The head bishop of a Lutheran Church in the district condemned the killing.

"Sorcery and sorcery-related killings are growing and the government needs to come up with a law to stop such practice," David Piso told The National newspaper.

"Many innocent and helpless people have been killed and tortured after being accused of witchcraft, but taking a life is against the teachings of the Bible and the laws of the country," Piso added.

It all started after Leniata's neighbor's young boy fell sick on Tuesday morning.  He complained of stomach and chest pains and was taken to Mt Hagen hospital where he died just a few hours later.  The boy's relatives were suspicious that sorcery was involved in the young boy's death and found out that two women had gone hiding in the jungle.

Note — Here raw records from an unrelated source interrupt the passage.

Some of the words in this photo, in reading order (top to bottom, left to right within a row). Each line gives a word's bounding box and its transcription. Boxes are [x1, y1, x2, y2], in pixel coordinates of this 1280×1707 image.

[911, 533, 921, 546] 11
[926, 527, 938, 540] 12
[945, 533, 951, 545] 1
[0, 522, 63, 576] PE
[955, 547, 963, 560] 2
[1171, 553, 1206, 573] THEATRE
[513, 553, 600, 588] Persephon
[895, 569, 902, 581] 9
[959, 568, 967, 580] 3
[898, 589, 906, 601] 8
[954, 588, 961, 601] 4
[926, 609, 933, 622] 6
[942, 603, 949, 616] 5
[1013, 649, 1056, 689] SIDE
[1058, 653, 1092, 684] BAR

After the women were tracked down, they both admitted to practicing sorcery, but had done nothing to cause the boy's death.  Even so, the family held Leniata responsible and went to her hut 7am on Wednesday, stripped her and dragged the mother with her hands and feet bound to torture and death.  The young mother leaves behind two children, including an eight-month-old girl.

In a statement released today, Papua New Guinea's Prime Minister Peter O'Neill swore to bring justice.

"No one commits such a despicable act in the society that all of us, including Kepari, belong to," he said.

"Barbaric killings connected with alleged sorcery. Violence against women because of this belief that sorcery kills. These are becoming all too common in certain parts of the country," O'Neill said.  "It is reprehensible that women, the old and the weak in our society should be targeted for alleged sorcery or wrongs that they actually have nothing to do with."

The US embassy in Papua New Guinea also issued a statement today condemning the killing as "brutal murder," according to the AFP news agency, and evidence of "pervasive gender-based violence".

"We add our voice to those of Papua New Guinean religious and civil society leaders who have spoken out against the brutality inflicted upon Ms Leniata," the embassy said. "There is no possible justification for this sort of violence. We hope that appropriate resources are devoted to identifying, prosecuting, and punishing those responsible for Ms Leniata's murder."